Gilbert mendorong Elizaveta ke tempatnya berdiri semula tanpa memedulikan giliran dia yang terkena bahaya.

"TUAN, AWAS!"

Dewi keberuntungan sedang memusuhi Gilbert rupanya.

Sang sopir mobil box langsung melarikan diri, menghindari kemungkinan buruk yang akan terjadi. Elizaveta terpaku ditempat tadi. Dan Gilbert terbaring tidak sadarkan diri.
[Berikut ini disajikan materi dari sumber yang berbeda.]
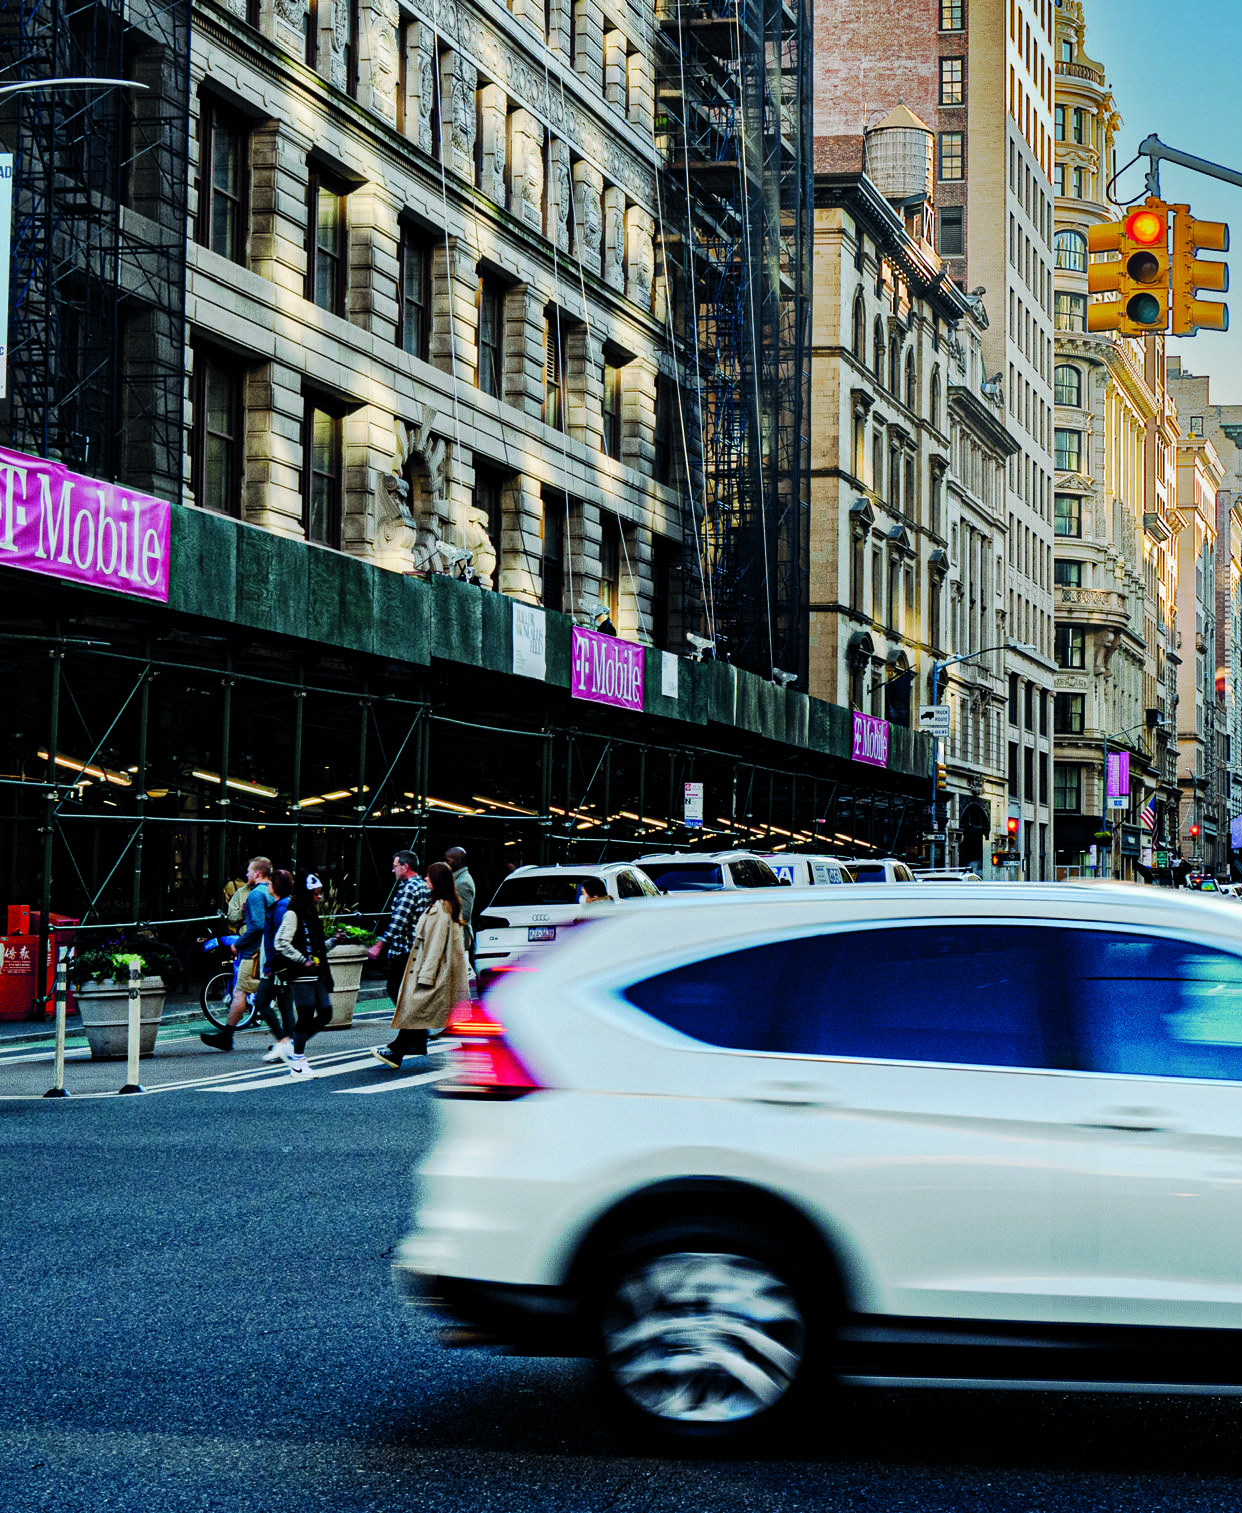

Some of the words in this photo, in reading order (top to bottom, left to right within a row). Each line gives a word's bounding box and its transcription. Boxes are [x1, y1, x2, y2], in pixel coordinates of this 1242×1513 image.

[35, 473, 160, 586] Mobile
[591, 640, 641, 703] Mobile
[862, 719, 888, 761] Mobile
Yang Gilbert tahu terakhir adalah dirinya dikerumuni banyak orang dan semua sibuk berteriak-teriak. Walau tidak bisa melihat jelas, dia tahu Elizaveta tidak ada diantara kerumunan itu.

Sebuah silabel nama keluar sebelum mata rubi indah itu tertutup.

"E...li..za.."


I would go through all this pain

Take a bullet straight through my brain

Yes, I would die for you, baby

But you won't do the same


"Gilbert?"

Pemandangan buyar itu makin lama makin jelas setelah mengerjapkan mata beberapa kali.

"... Elizaveta?"

"Gil! Akhirnya kau sadar!"

Sebuah senyum terukir di bibir sang albino. Munginkah pikiran buruknya mengenai Eli salah?

"Y-ya, senang rasanya bisa melihatmu sehat-sehat saja,"

"Harusnya kau tidak melakukan itu untukku," Elizaveta mengerutkan dahinya.

"A-ahaha, tidak apa-apa, kok. Untukmu aku rela-rela saja walau berakhir seperti ini!" Gilbert terkekeh.

Terlihat sedikit rona merah di pipi Elizaveta. "Dasar,"

"Ah, temanmu sudah sadar, Eli?"

Dua pasang bola mata segera teralihkan kearah si pemilik suara yang asing. Gilbert sedikit mendongkak untuk melihat siapa yang baru datang dan kini berdiri di sebelah Elizaveta.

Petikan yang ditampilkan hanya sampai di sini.